[RECORDED DATA — start]

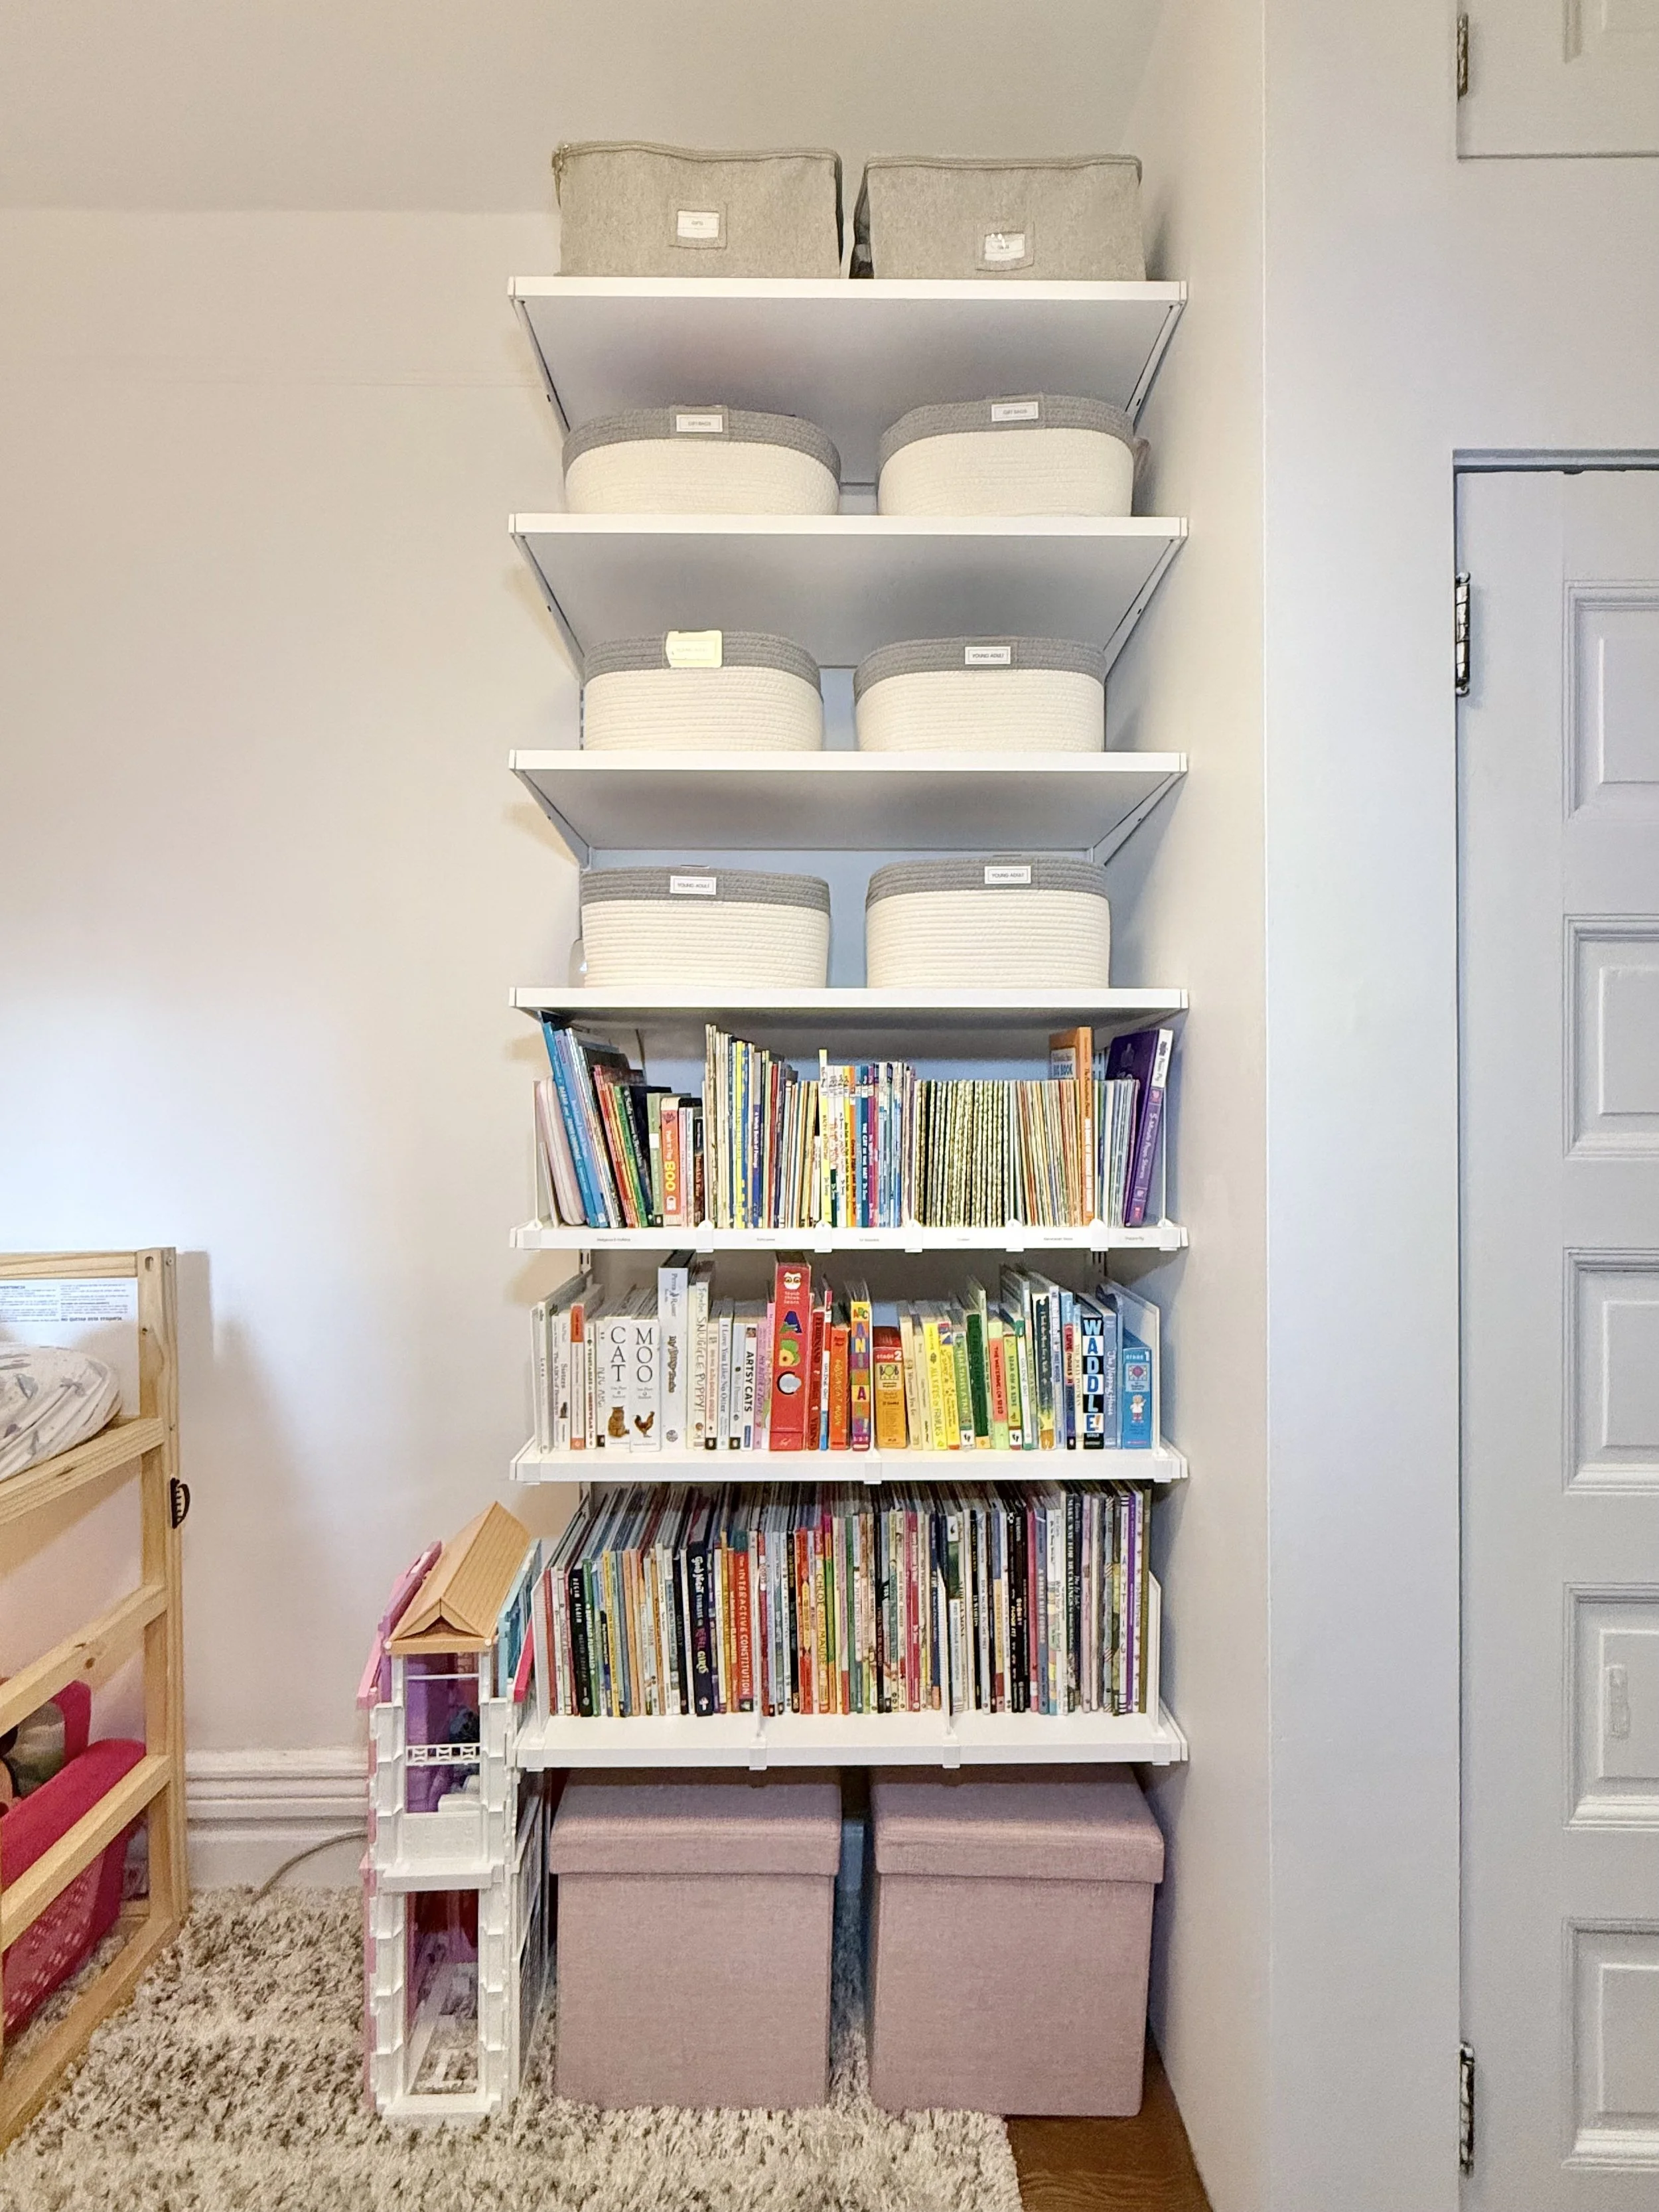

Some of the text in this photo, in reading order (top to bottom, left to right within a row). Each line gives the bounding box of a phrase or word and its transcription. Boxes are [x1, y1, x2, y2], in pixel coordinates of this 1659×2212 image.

[664, 1161, 676, 1191] BOO
[853, 1307, 868, 1319] ABC
[611, 1326, 626, 1382] CAT
[636, 1327, 653, 1382] MOO
[695, 1317, 706, 1412] SNUGGLE PUPPY!
[894, 1350, 902, 1361] 2
[1144, 1351, 1149, 1361] 1
[721, 1381, 728, 1392] No
[834, 1359, 843, 1402] GOODNIGHT
[1009, 1373, 1015, 1383] ON
[1084, 1319, 1102, 1432] WADDLE!
[1107, 1351, 1116, 1415] The Napping House
[696, 1651, 708, 1674] GIRLS
[741, 1634, 750, 1694] CONSTITUTION

[RECORDED DATA — finish]

- YOUR INSTRUCTIONS
Excluding every picture, write out each record word for word.

- YOUR SOLUTION
Some of the text in this photo, in reading order (top to bottom, left to right within a row). Each line gives the bounding box of a phrase or word and its transcription. Boxes are [x1, y1, x2, y2], in pixel coordinates of this 1659×2212 image.

[664, 1161, 676, 1191] BOO
[853, 1307, 868, 1319] ABC
[611, 1326, 626, 1382] CAT
[636, 1327, 653, 1382] MOO
[695, 1317, 706, 1412] SNUGGLE PUPPY!
[894, 1350, 902, 1361] 2
[1144, 1351, 1149, 1361] 1
[721, 1381, 728, 1392] No
[834, 1359, 843, 1402] GOODNIGHT
[1009, 1373, 1015, 1383] ON
[1084, 1319, 1102, 1432] WADDLE!
[1107, 1351, 1116, 1415] The Napping House
[696, 1651, 708, 1674] GIRLS
[741, 1634, 750, 1694] CONSTITUTION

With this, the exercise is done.